A priority pitch is a pitch that takes priority over the other pitches. By crafting your pitch to be a priority, you reduce the chances of being knocked off the deck due to time constraints or requirements from other entrepreneurs pitching.

So...how do you do that?

Specify your Set: The set that takes the longest to set up will be built the night before and will go first the morning of filming; thus, the sets that have specific, timely, or stand-out features are going to take higher priority. The entrepreneurs pitching are fully responsible for anything they choose to bring on stage, so when I decided to bring a jet on stage, I had to rent it myself. Because of this, there was a designated time-slot that I had to pitch in or else the jet would be returned late. Due to this time constraint, the Shark Tank crew couldn't just throw my pitch toward the end of the day (leaving me with the potential of being booted off last minute.) My set became a priority.

Shoot for the moon: They want eccentric, engaging, and enthusiastic. They want the outliers. So be one. One of the cheesiest lines I said while pitching (which I regretted immediately after) ended up being one of the tag-lines that was shown during my final pitch. I had said: "Honestly, my goal today is to have as many Sharks as possible take a bite out of Grypmat." Was it cringe worthy? Yes. Did it lead to my deal with the three Sharks that I wanted? Yep! Did it stand out? You bet.

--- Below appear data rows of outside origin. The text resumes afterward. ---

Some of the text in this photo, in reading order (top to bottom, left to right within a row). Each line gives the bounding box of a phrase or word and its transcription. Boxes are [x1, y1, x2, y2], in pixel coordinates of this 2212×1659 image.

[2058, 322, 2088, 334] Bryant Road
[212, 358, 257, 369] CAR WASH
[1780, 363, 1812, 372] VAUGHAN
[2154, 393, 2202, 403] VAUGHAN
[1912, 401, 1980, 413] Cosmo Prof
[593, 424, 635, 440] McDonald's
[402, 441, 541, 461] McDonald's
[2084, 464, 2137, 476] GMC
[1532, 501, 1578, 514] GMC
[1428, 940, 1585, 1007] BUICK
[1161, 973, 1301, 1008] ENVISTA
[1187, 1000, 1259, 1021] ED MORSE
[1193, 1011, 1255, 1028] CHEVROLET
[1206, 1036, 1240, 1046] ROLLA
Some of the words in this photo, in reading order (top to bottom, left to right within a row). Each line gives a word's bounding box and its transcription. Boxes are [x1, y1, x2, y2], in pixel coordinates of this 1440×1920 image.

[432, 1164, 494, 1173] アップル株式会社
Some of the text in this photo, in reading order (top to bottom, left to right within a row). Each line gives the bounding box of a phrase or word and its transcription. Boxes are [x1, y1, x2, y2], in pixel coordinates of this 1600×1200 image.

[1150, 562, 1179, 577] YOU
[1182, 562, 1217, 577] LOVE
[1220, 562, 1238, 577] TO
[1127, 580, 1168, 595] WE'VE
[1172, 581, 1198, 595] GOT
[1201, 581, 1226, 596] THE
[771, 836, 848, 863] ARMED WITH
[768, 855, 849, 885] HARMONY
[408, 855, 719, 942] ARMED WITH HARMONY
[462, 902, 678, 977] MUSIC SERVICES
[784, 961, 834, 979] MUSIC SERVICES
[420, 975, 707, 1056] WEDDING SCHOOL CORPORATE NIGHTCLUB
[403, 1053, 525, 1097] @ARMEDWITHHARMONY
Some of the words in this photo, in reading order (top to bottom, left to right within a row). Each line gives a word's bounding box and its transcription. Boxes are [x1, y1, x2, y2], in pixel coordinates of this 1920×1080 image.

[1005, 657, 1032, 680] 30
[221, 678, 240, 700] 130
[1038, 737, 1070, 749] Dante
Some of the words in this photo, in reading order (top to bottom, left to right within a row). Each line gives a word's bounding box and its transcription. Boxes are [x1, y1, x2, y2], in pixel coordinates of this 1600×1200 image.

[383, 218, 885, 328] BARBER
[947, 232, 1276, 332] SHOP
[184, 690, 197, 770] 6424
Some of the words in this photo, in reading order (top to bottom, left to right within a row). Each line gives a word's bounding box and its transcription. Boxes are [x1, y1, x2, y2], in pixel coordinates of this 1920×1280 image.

When most people watch Shark Tank, they see accomplished entrepreneurs who "get lucky" or "have it all together." But what's below the surface is lots of hard work, thoughts of quitting, and support from the right people. I bombed the first practice pitch I gave to the producers. It's not about how much money your company makes, or how brilliant your product is — it's about how committed you are to persisting.

 
Tom Burden is the inventor of the Grypmat, a brightly colored, flexible, non-slip tool tray that prevents mechanics from losing their tools. Tom developed the idea while working on fighter jets in the Air Force, and successfully pitched the product on Shark Tank. The Grypmat is used by organizations such as NASA, Google, Virgin Orbit, and NASCAR.